Я вернулся за тобой (СИ), стр. 31

Она цепляет прищепку, отступает на шаг, поправляет. Ветер надувает простыню парусом, накрывает её с головой — и я слышу, как она смеётся. Сама с собой. Выпутывается из мокрой ткани, отфыркивается, и на лице у неё — солнце. Просто солнце, без всяких оговорок.

Три дня назад эта девчонка тряслась в моём предбаннике и смотрела на меня, как на маньяка. Вчера орала от кошмара так, что у меня чуть мотор не встал. А сейчас стоит посреди моего двора, вешает моё бельё, смеётся — и у меня в грудной клетке от этой картинки что-то сжимается и не отпускает.

Телефон вибрирует в кармане.

Клим.

Встаю со ступенек и ухожу за угол дома, к поленнице. Подальше от её ушей.

— Да.

— Не спишь, жаворонок? — голос у Пахи бодрый, но с той самой ноткой, от которой у меня, старого пса, шерсть на загривке встаёт дыбом ещё до всяких новостей. — Есть разговор.

— Говори.

— Короче, слушай. Помнишь, я тебе про молодого рассказывал, который в камере не спит? Дожали его. Ночью поплыл, начал следаку на уши приседать, мол, всё расскажу, только оформите содействие.

— И?

— И вот тебе первое: заказ на девчонку они получили не от залётных. Сверху пришёл. Через посредника, но молодой краем уха слышал, от кого исходняк.

— От кого?

Пауза. Короткая, в полсекунды, но у Клима таких пауз просто так не бывает.

— От Льва, Илюх.

Стою и смотрю на поленницу. Ровные ряды берёзовых чурок. Один сучок торчит криво, надо будет поправить.
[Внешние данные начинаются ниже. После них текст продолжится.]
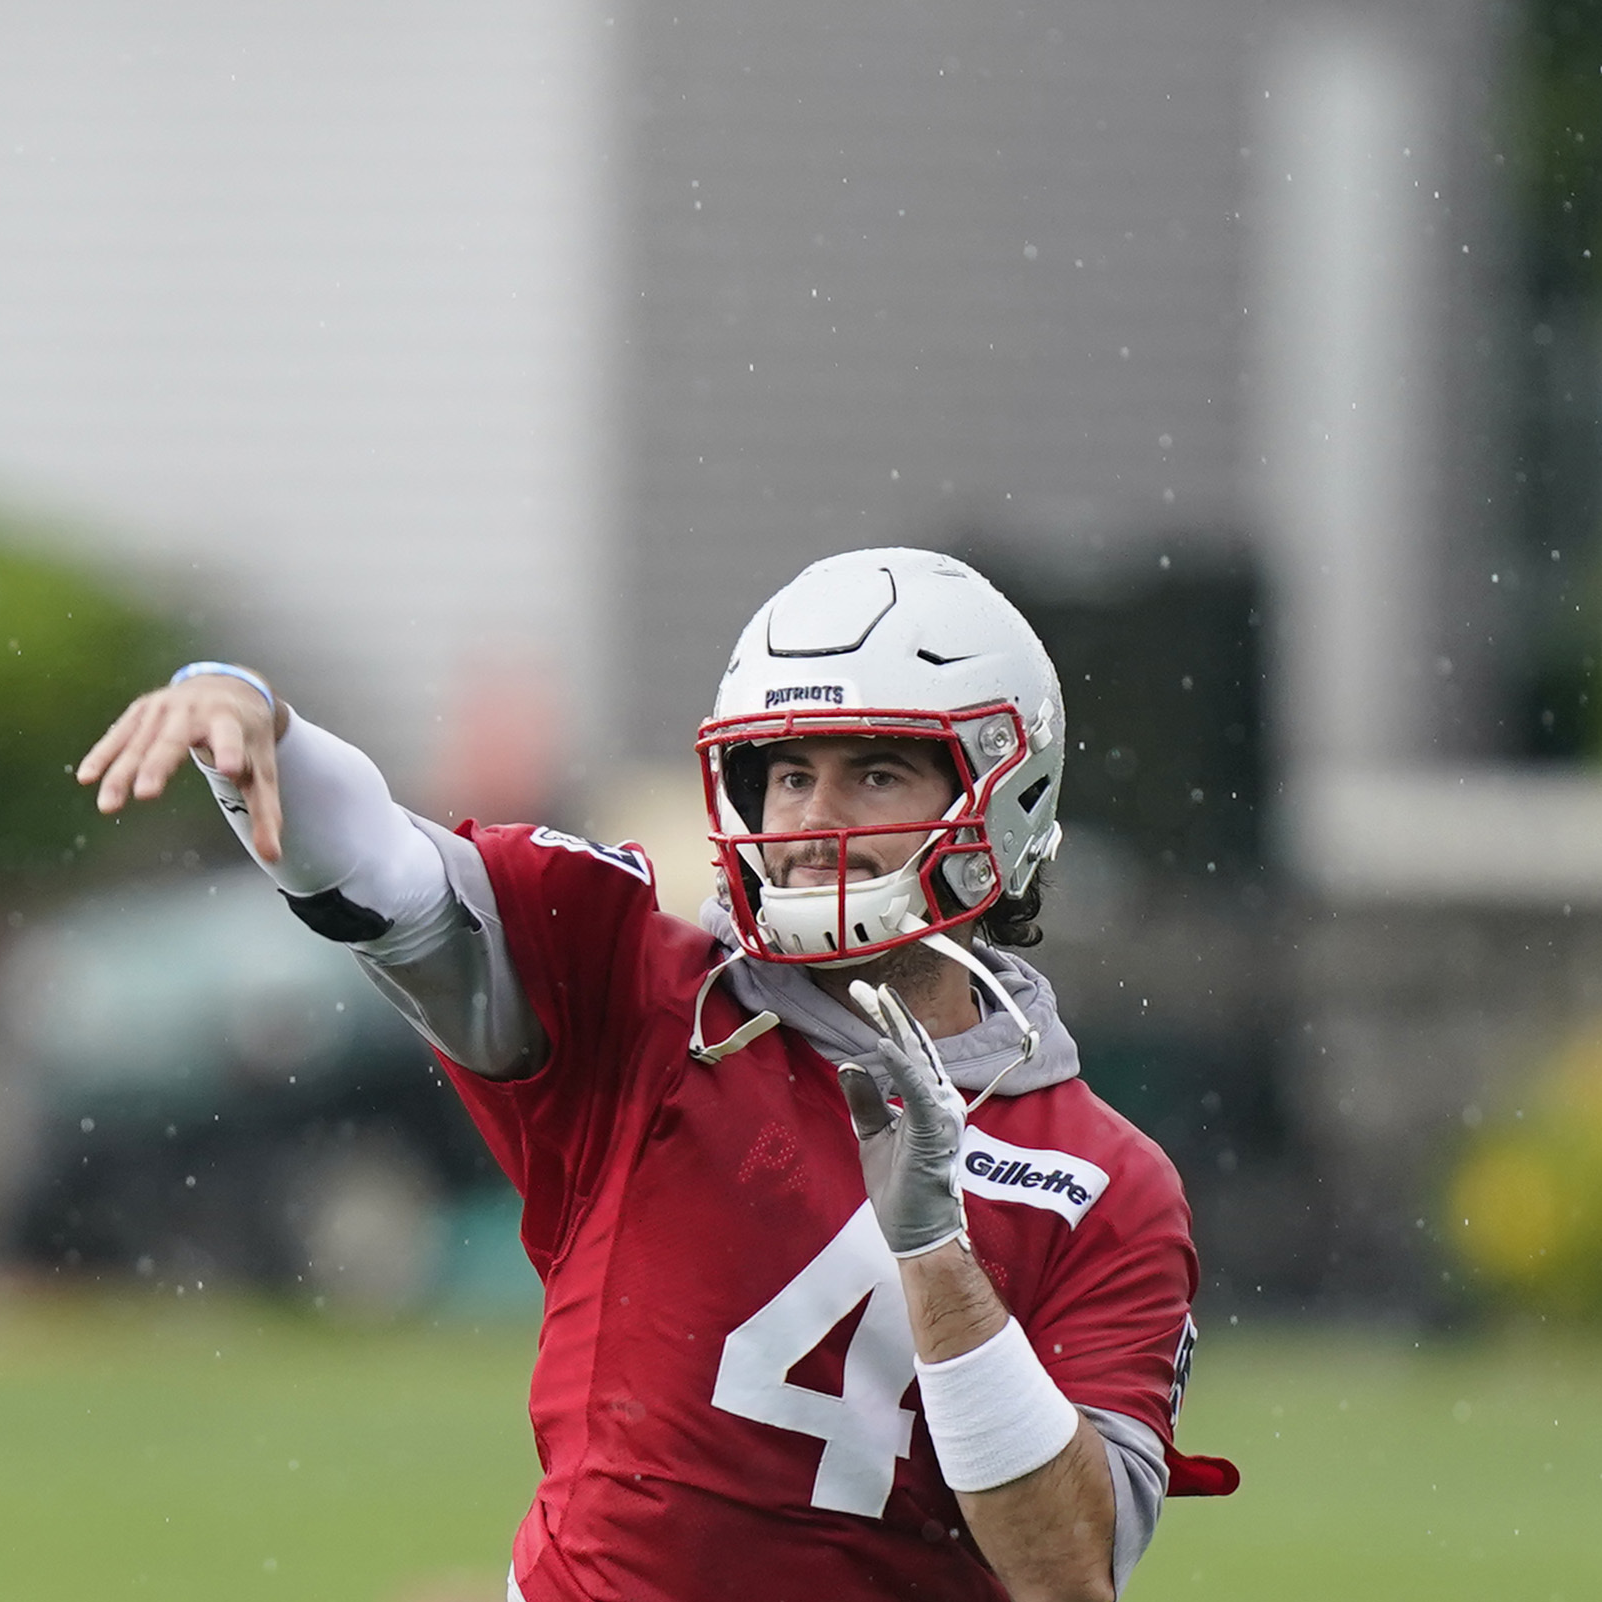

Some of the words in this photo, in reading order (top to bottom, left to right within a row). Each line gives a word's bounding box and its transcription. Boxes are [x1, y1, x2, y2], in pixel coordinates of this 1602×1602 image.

[765, 685, 844, 709] PATRIOTS
[965, 1151, 1088, 1205] Gillette
[711, 1198, 917, 1519] 4
— Клим. Лев — это погоняло Одинцова. Одинцов три недели как по кускам по лесополосе собран. Вернее, не собран — там собирать нечего было.

— Я в курсе, — говорит Паха. — Поэтому и звоню тебе в семь утра, а не сплю, как нормальный раненый герой. Молодой божится: заказ пришёл уже после взрыва. Недели две назад. И знаешь, что самое интересное? Условие было жёсткое, отдельной строкой: доставить целой и невредимой. Пальцем не трогать. За порванный чулок — головы поотрывают.

«Приказано тебя не трогать».

Слова того урода из фургона — Алёна их пересказывала, глядя в пол и заикаясь, — встают в памяти так чётко, будто я сам их слышал.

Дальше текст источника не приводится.